The phone rang and he picked it up. It was Harriet.
“When are you coming home?” she asked. “I have a leg of lamb and it will be ruined if you don’t get here fairly soon.”
“Right away,” he said.
2
The next day was Saturday and office hours were from eight till noon. But, as was usually the case, the last patient was not gone until after one.
Once the waiting room was cleared and Amy had gone home, Benton got to work on the files. He went through them carefully, making notes as he went along. He didn’t finish the work on Saturday, and came back Sunday morning.
Going back through ten years of records, he was able to isolate some trends. There had been, in those years, a substantial increase in the symptoms Abbott had outlined. The incidence of obesity had risen rapidly. In more instances that he had recalled, the high level of blood sugar had indicated diabetes, but further tests had inevitably failed to bear out his tentative diagnoses. There had been, increasingly, a spate of muscular soreness. There were an increasing number of patients who had complained of general malaise, with no apparent cause.

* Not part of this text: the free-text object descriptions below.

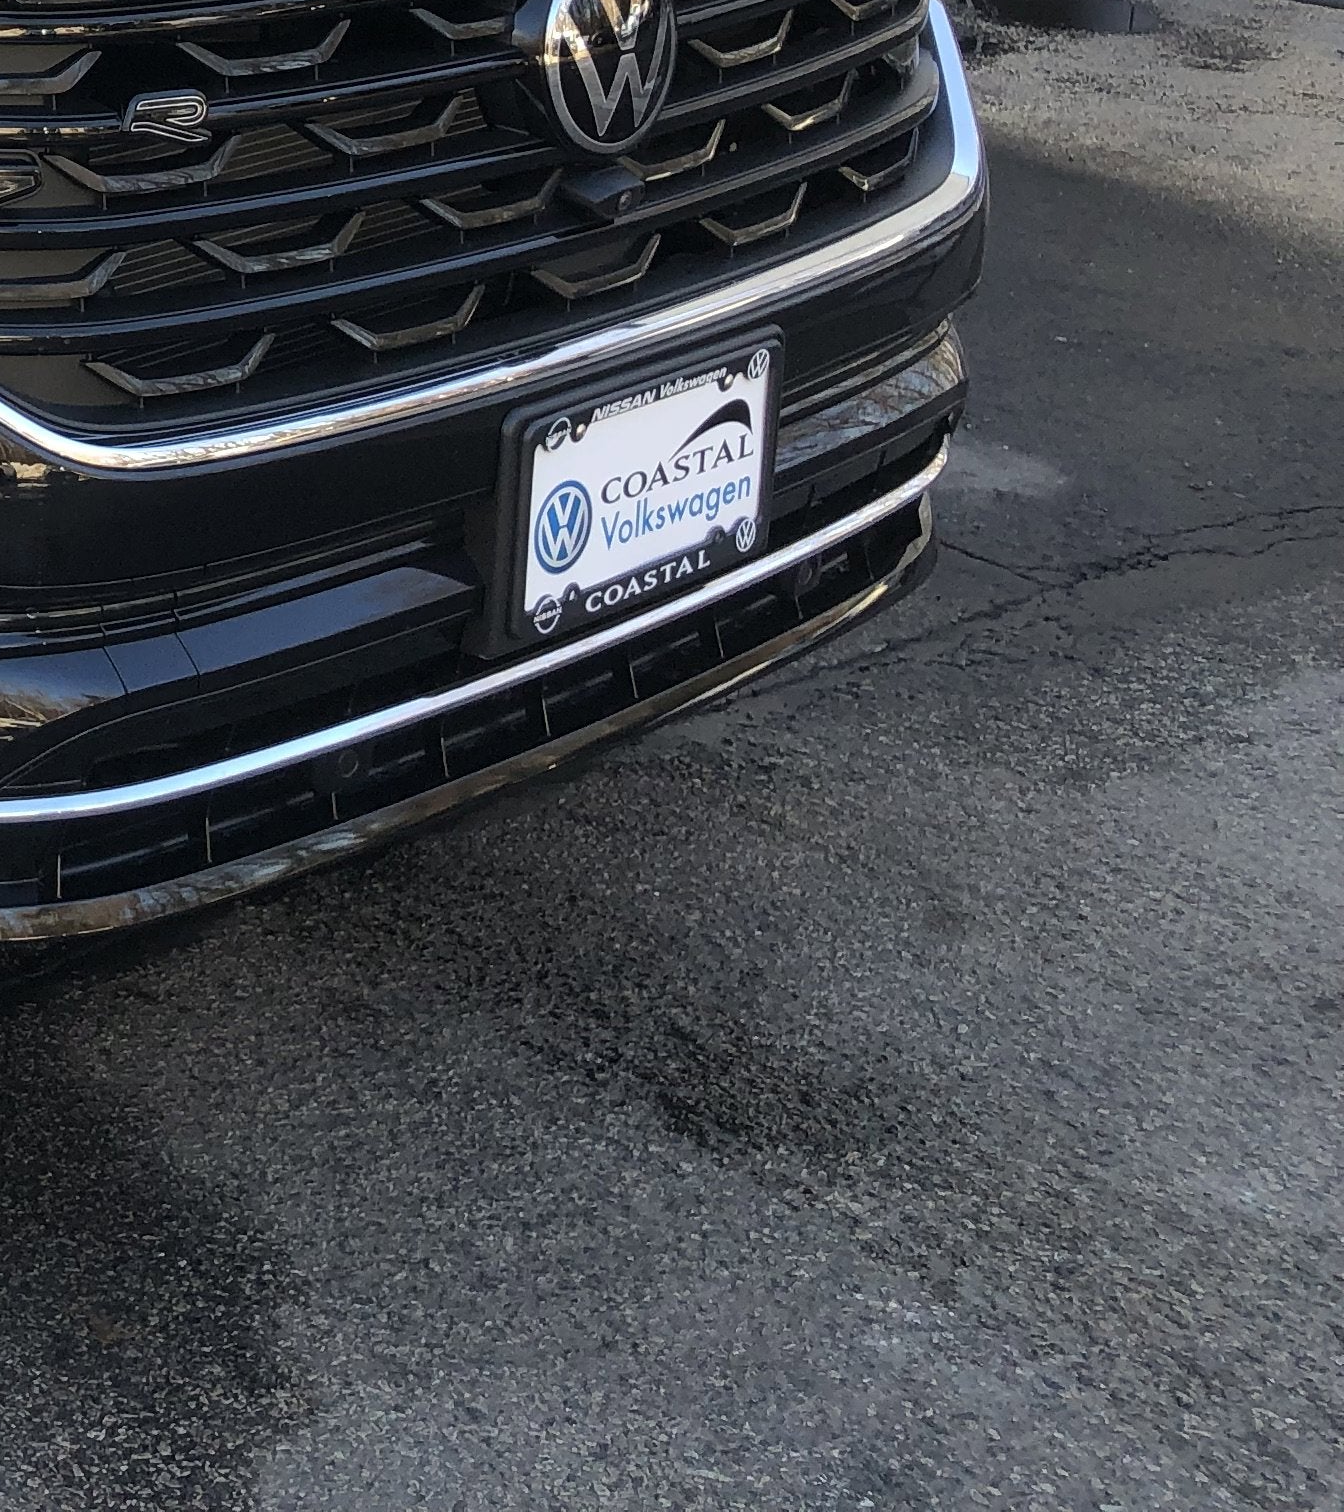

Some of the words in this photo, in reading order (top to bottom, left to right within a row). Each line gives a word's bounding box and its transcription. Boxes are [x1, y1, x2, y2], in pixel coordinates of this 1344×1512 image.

[591, 389, 657, 423] NISSAN
[659, 366, 728, 399] Volkswagen
[600, 433, 755, 506] COASTAL
[600, 474, 752, 551] Volkswagen
[584, 548, 712, 614] COASTAL

Most of the symptoms were found in townspeople. Among the farm families, only the members of one family, the Barrs, had experienced the symptoms. The Barrs, about three years before, had come from somewhere in Ohio, buying the farm of Abner Young, a recluse who finally had died of old age and general meanness. And not a single case with those symptoms showed up among the hill people.
Maybe, after all, Benton told himself, geography might be a factor in Abbott’s epidemic—if there were an epidemic. But if some of the townspeople had the symptoms, why not all of them? If farmers were immune, as seemed to be the case, what about the Barrs? What was different about the Barrs? Recently arrived, of course, but what could that have to do with it? And what was so magic about the hills that in all the hill folk no symptom had turned up? Although, he reminded himself, he should not assign too much weight to the negative data from the hills. The people there, a hardy tribe, would not deign to visit a doctor for such minor reasons as being unaccountably tired or putting on some weight.
He pulled the sheets of notes together and, searching in his desk drawers, found some graph paper. The graphs, when he had them drawn, showed nothing more than he already knew; but they had a pretty look to them and he found himself imagining how they would look printed on the slick paper of a prestigious journal, illustrating a paper that might be entitled “The Epidemiology of Muscular Exhaustion” or “The Geographical Distribution of Obesity.”